Peygamberimiz(asm)'dan aktarılan ve Kur’an'ın ruhunu yansıtan muhteşem hadislerin arasına, uydurmaların karışmış olmasının dışında bir başka sorun ise hadislerin aktarılış şekilleridir. Hadislerin, Peygamberimiz(asm)'dan doğrudan aktarılan sözler olduğu zannedilir, oysa bu doğru değildir. Bunu hadis alimleri dahi iddia etmezler. Buhari başta olmak üzere pek çok hadisçi, hadisin sadece anlamının aktarılmasının yeterli olduğunu, asıl metni ezberlemenin şart olmadığını kabul etmişlerdir. Bu da aktarılan sözlere kişisel yorumların karışmasına sebep olmuştur. Kimi zaman hadisin başını ve sonunu bilmemek da önemli anlam kaymaları ortaya çıkarmıştır.
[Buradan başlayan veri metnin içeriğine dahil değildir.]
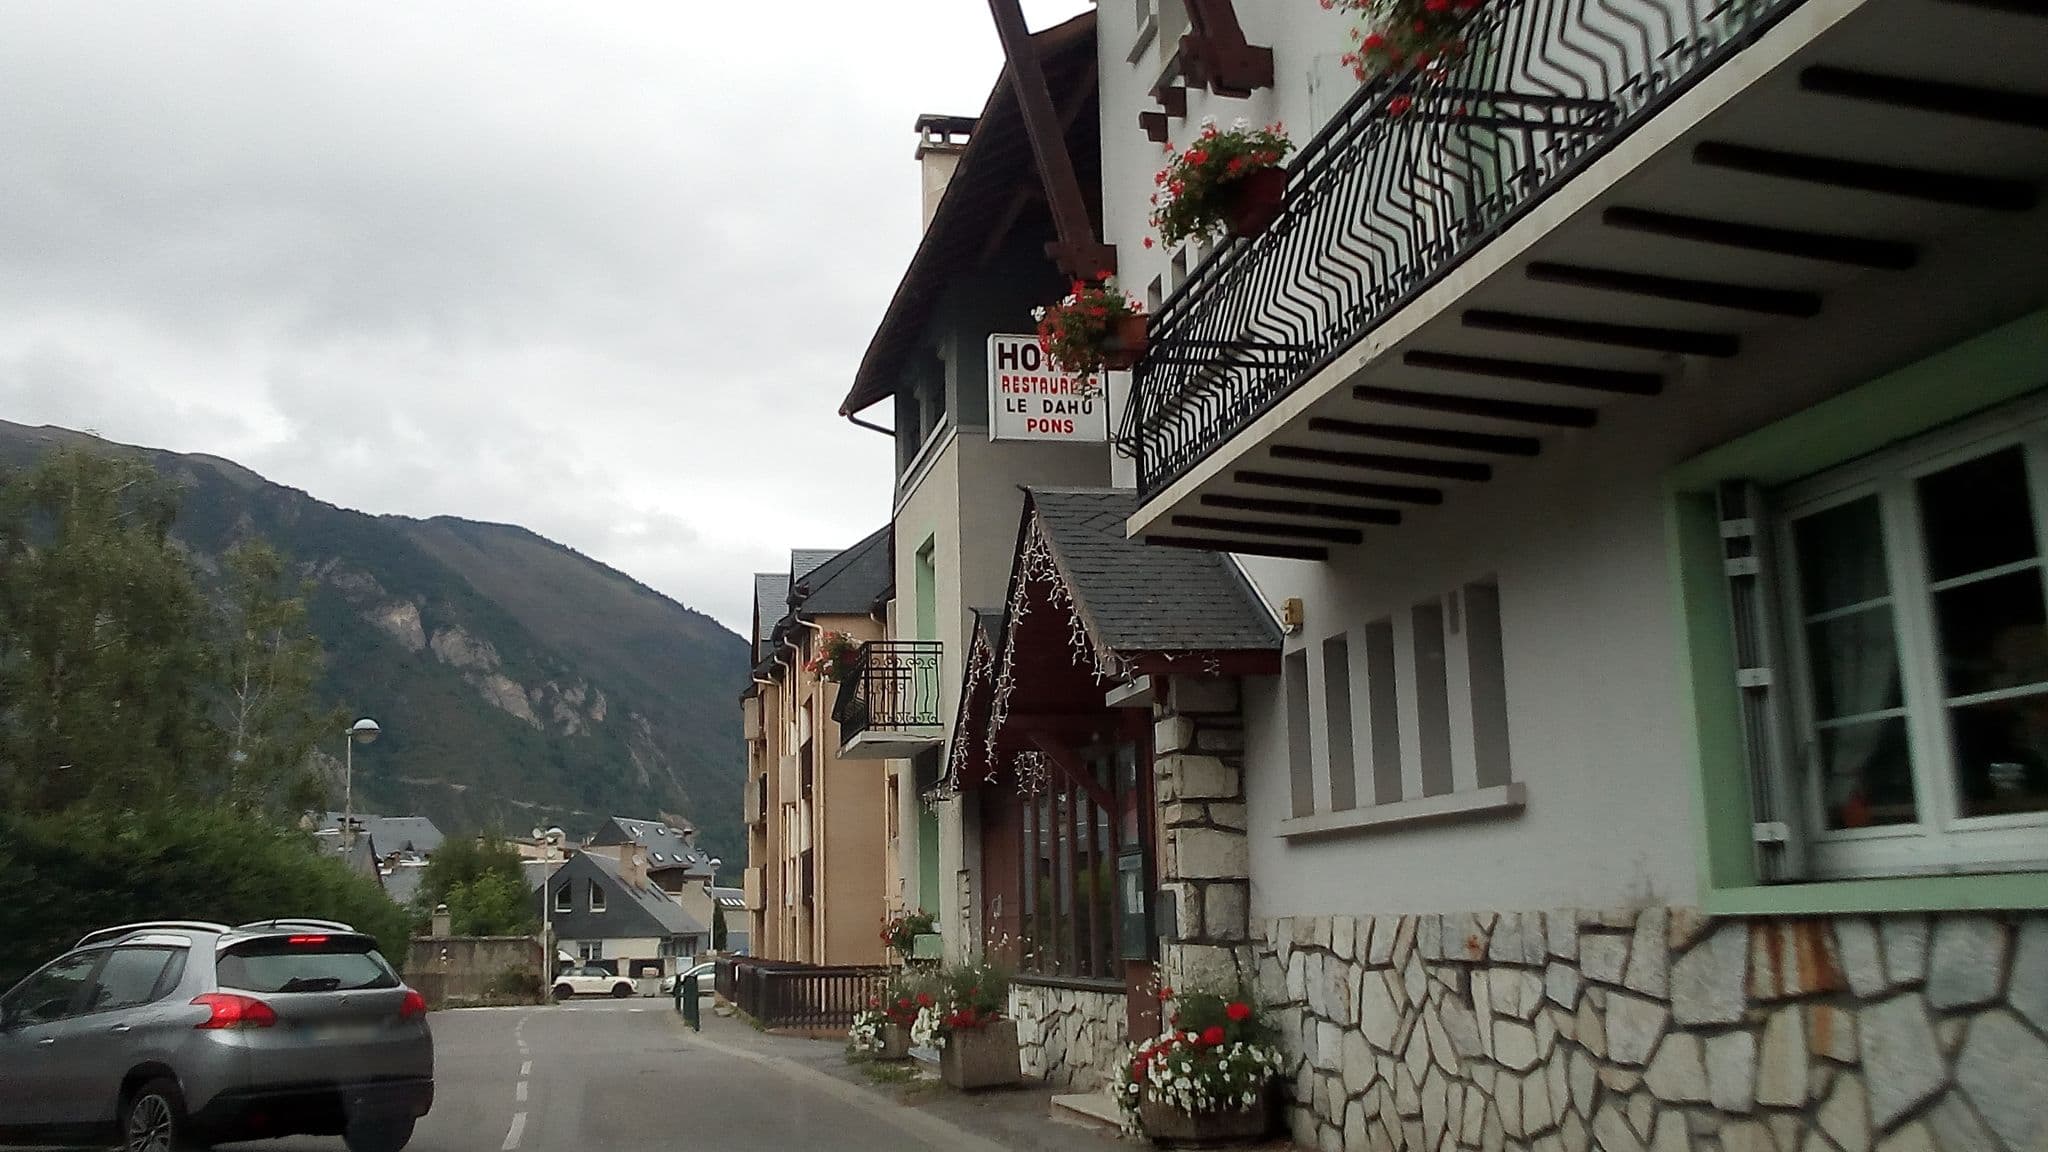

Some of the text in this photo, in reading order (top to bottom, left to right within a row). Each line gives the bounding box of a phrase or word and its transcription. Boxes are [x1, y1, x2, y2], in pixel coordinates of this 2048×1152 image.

[1001, 375, 1097, 395] RESTAUR
[1006, 398, 1093, 415] LE DAHU
[1026, 418, 1075, 434] PONS
Örneğin, "Uğursuzluk üç şeyde olur; ev, kadın ve at" ifadeleriyle Peygamberimiz (asm)’a hadis atfedildiğini duyan Hz. Aişe (ra) şöyle konuşmuştur: "Allah'a yemin ederim ki Allah'ın elçisi bunu asla söylememiştir. O ancak şunu söylemiştir. 'Cahiliye ehli şöyle derlerdi: Uğursuzluk şu üç şeyde olur; ev, kadın ve at.”

Mezheplerin kurucuları, kuşkusuz değerli Müslüman âlimlerdir. Ancak şu da açıktır ki, dört mezhebin kuruluşunda da söz konusu hadisler etkili unsurlar olmuştur. Her biri kendi seçtikleri hadisleri kendi mezhepleri için esas kabul etmişlerdir. Dört imam, Kütüb-i Sitte'yi yani altı meşhur hadis kitabının toplandığı külliyatı yazan hadis imamlarının ölçülerinin dışına çıkarak kendi mezheplerini kurmuşlardır.
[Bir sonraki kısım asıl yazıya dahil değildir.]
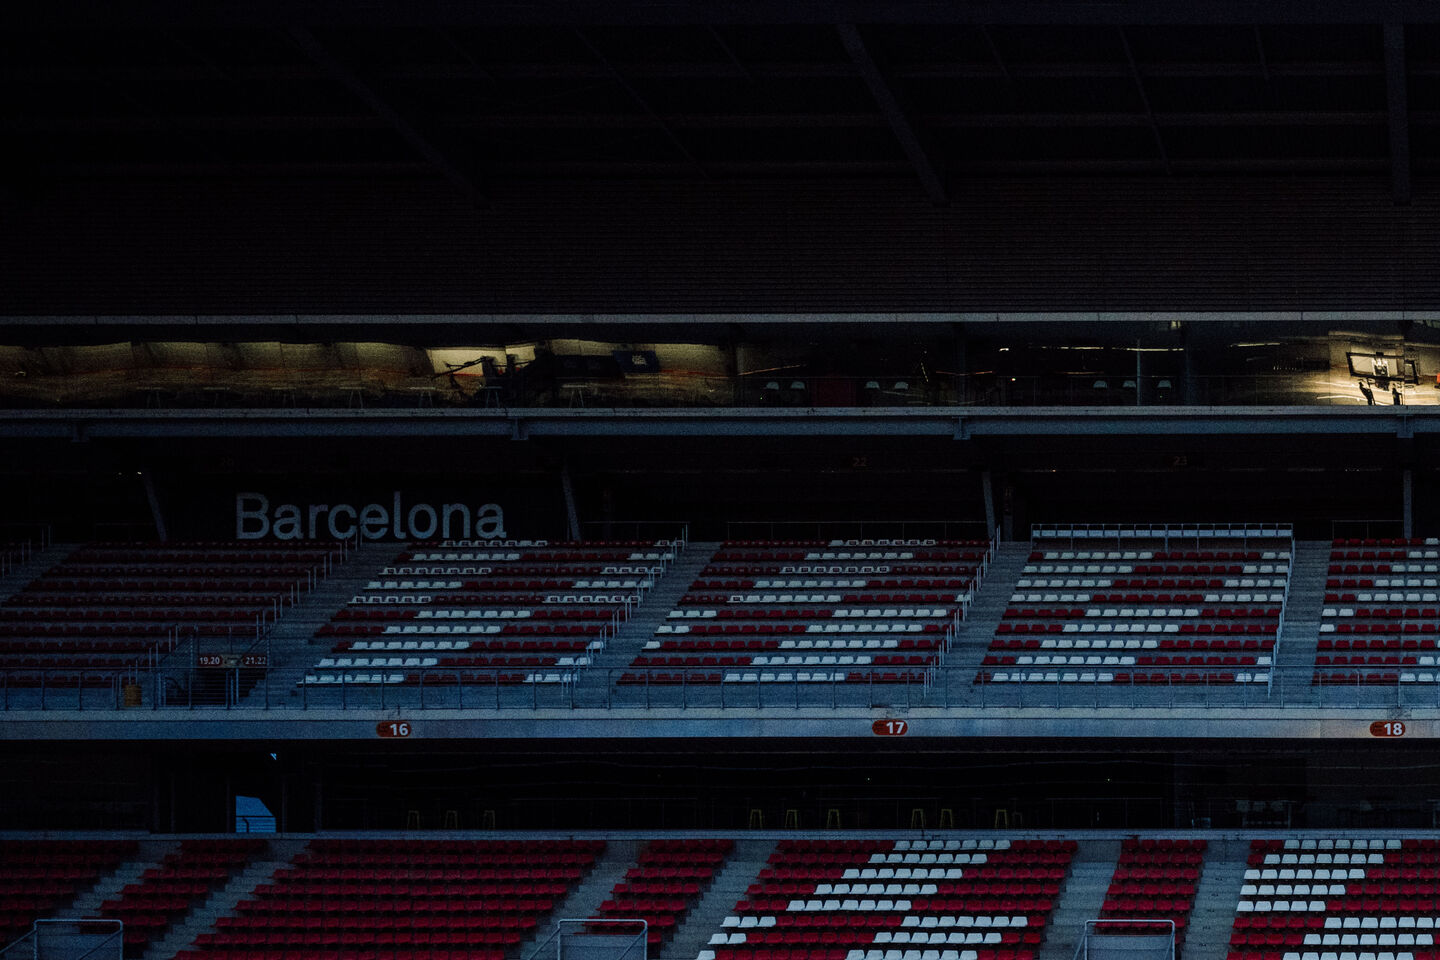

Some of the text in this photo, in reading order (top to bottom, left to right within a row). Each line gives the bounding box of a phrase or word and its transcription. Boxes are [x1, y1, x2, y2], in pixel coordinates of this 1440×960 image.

[236, 490, 507, 541] Barcelona
[199, 656, 220, 665] 19.20
[389, 723, 409, 736] 16
[886, 721, 905, 734] 17
[1383, 722, 1403, 736] 18
Hadis âlimleri ve mezheplerin sahih saydığı hadisler arasında bu kadar ayrılık varken, hadislerin asla reddedilemez olduğunu iddia edenler de ortaya çıkmıştır. Bu kişiler öncülüğünde, örneğin Buhari ve Müslim'deki tek bir hadisi bile inkâr edenin kâfir olacağı safsataları yayılmıştır. Daha da ileri giderek, hadislerin Kur’an ayetlerinin hükmünü kaldıracağını dahi iddia edenler çıkmıştır.

Sonuç olarak, Kur’an ile sağlamasını yaparsak;

Dinin hükümleri yalnızca Allah'ın indirdiği kitaplarla belirlenir.
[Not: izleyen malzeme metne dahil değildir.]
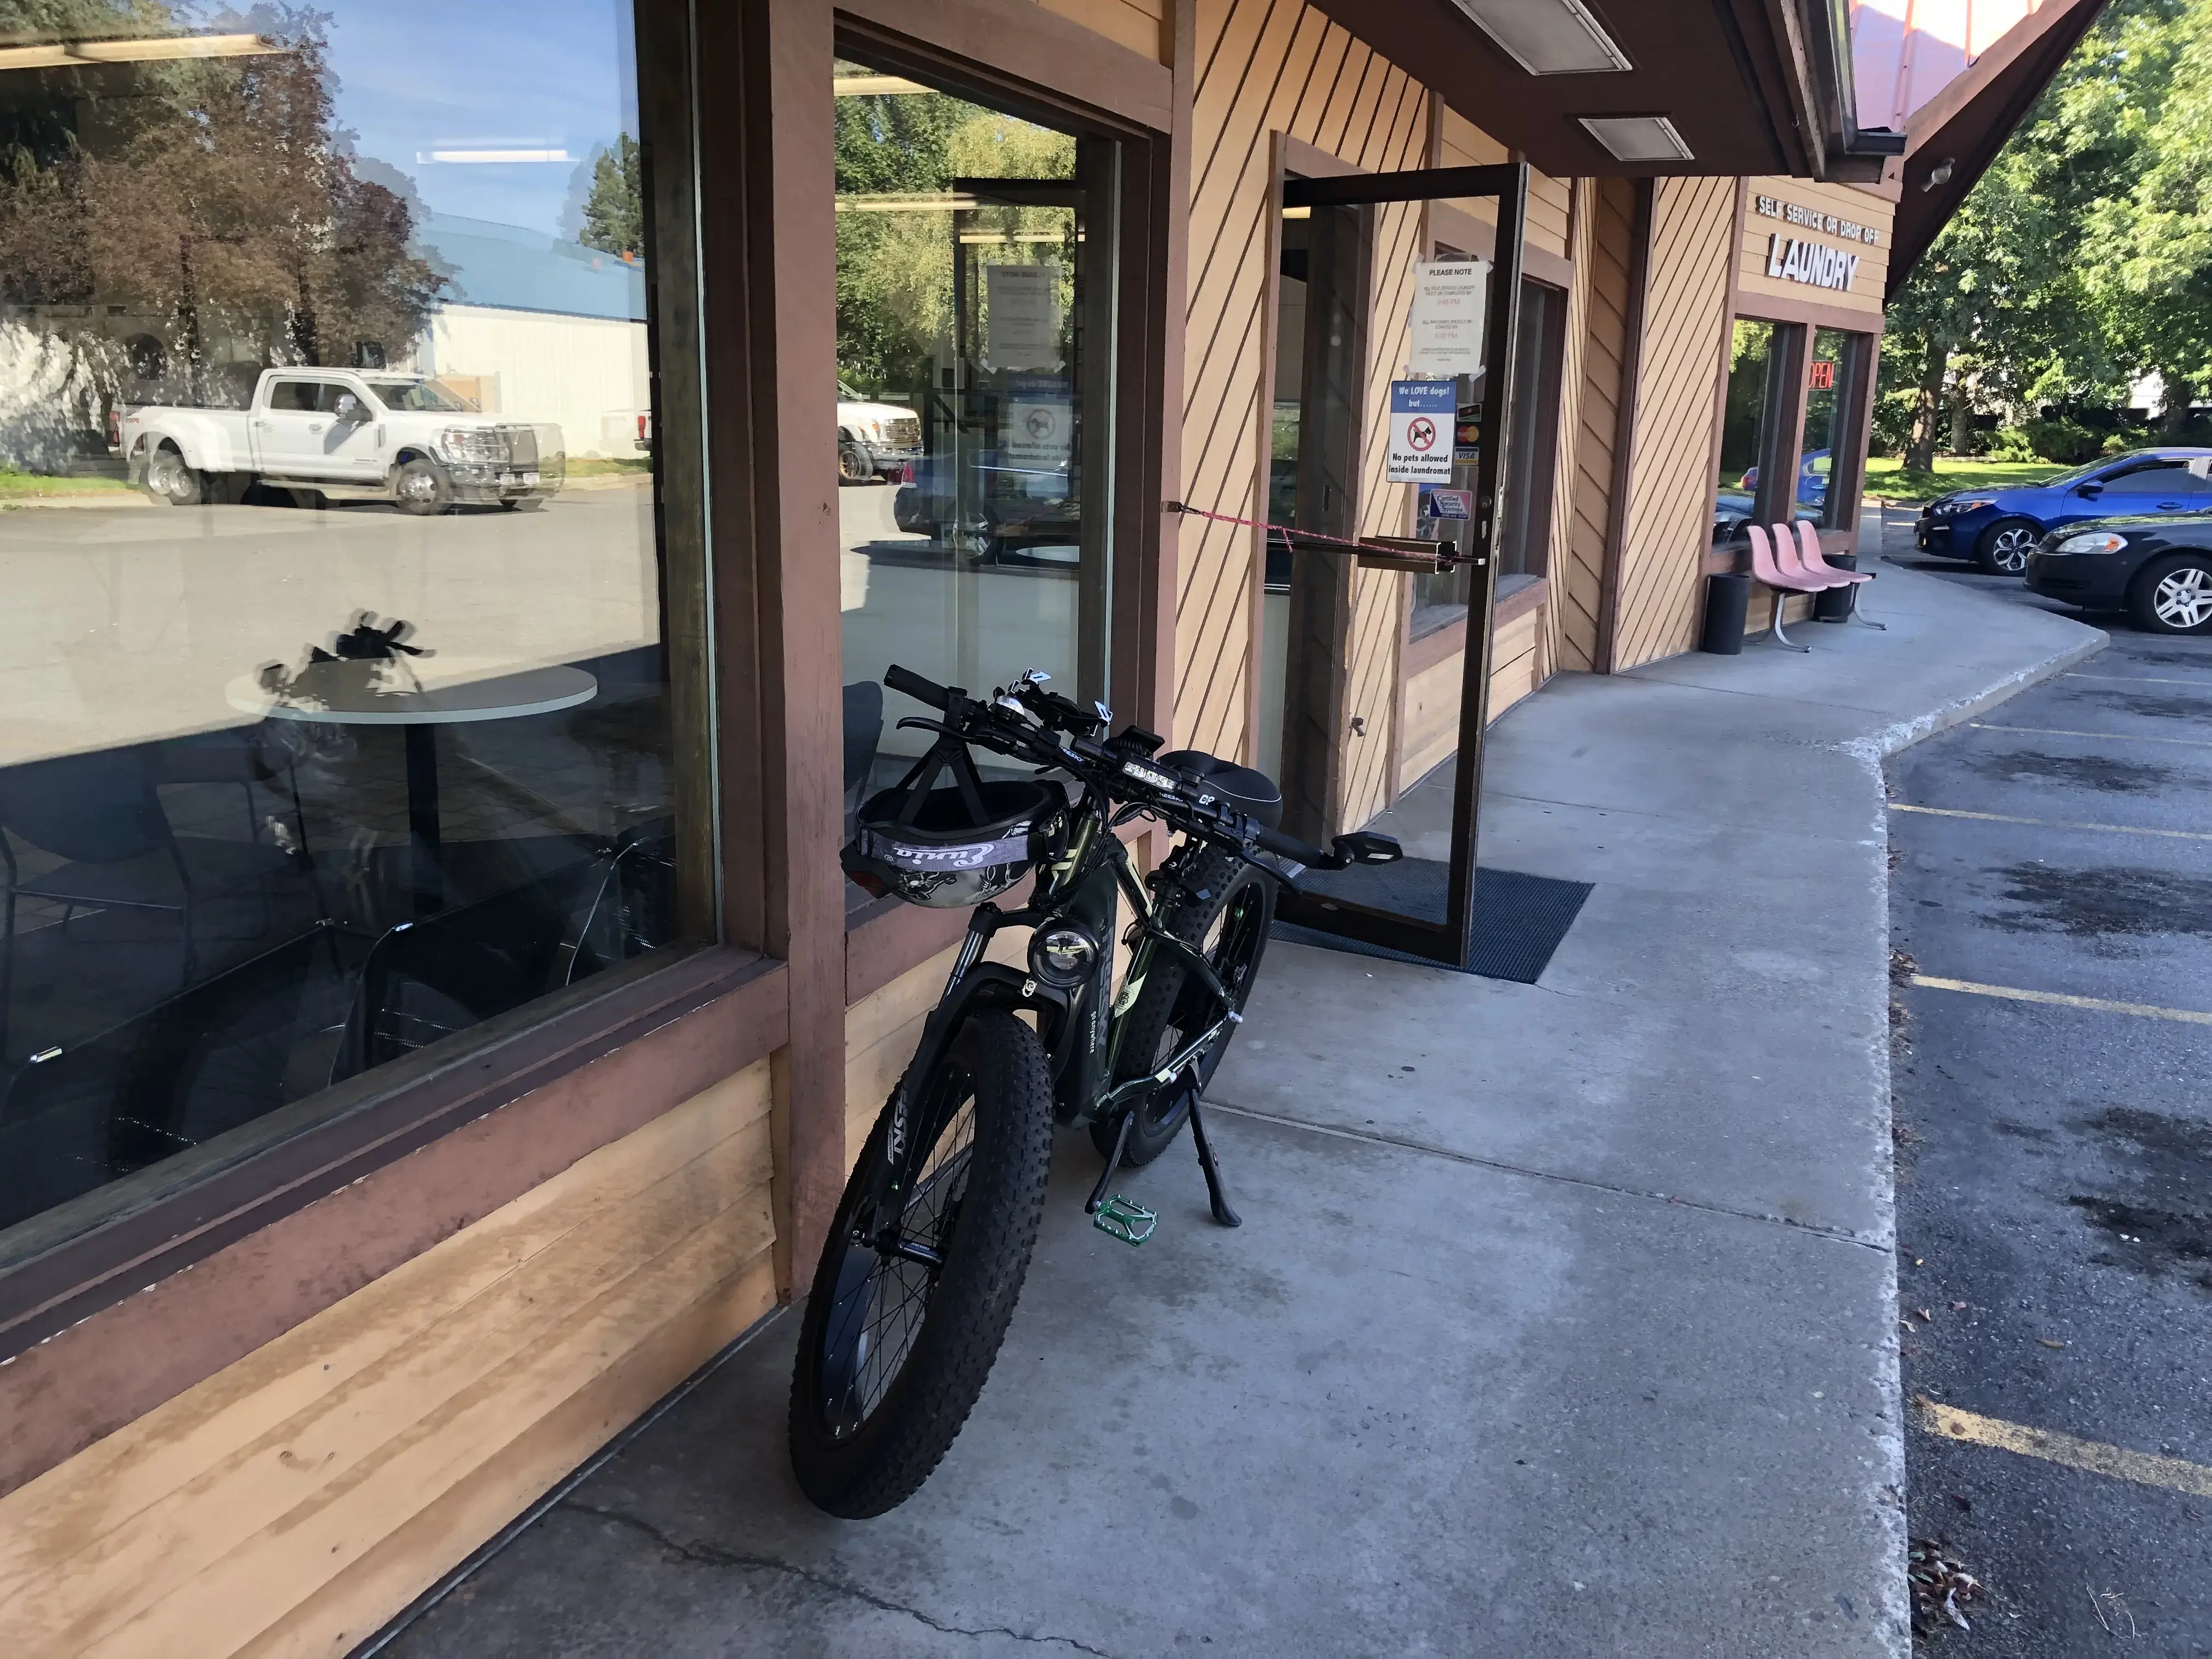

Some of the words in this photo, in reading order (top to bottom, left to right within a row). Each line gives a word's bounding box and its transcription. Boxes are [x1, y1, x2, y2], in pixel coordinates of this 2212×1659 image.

[1758, 196, 1782, 217] SELF
[1786, 204, 1823, 229] SERVICE
[1826, 216, 1837, 234] OR
[1841, 221, 1861, 240] DROP
[1864, 228, 1879, 245] OFF
[1768, 233, 1860, 291] LAUNDRY
[1808, 362, 1835, 388] OPEN
[1399, 387, 1409, 395] We
[1410, 386, 1427, 395] LOVE
[1430, 386, 1449, 398] dogs!
[1392, 453, 1402, 461] No
[1403, 454, 1419, 463] pets
[1420, 454, 1448, 462] allowed
[1389, 465, 1409, 473] inside
[1410, 465, 1451, 475] laundromat
Size ne oluyor, nasıl hüküm veriyorsunuz? Hiç mi öğüt alıp-düşünmüyorsunuz? Yoksa sizin apaçık olan bir deliliniz mi var? Eğer doğru söylüyorsanız, öyleyse getirin kitabınızı. (Saffât Suresi, 154-157)

Her dönem Allah tarafından korunan ve tahrif edilemeyen tek kaynak Kur'an'dır.

Batıl, ona önünden de, ardından da gelemez(Çünkü Kur'an,) Hüküm ve hikmet sahibi, çok övülen (Allah)tan indirilmedir. (Fussilet Suresi, 41-42)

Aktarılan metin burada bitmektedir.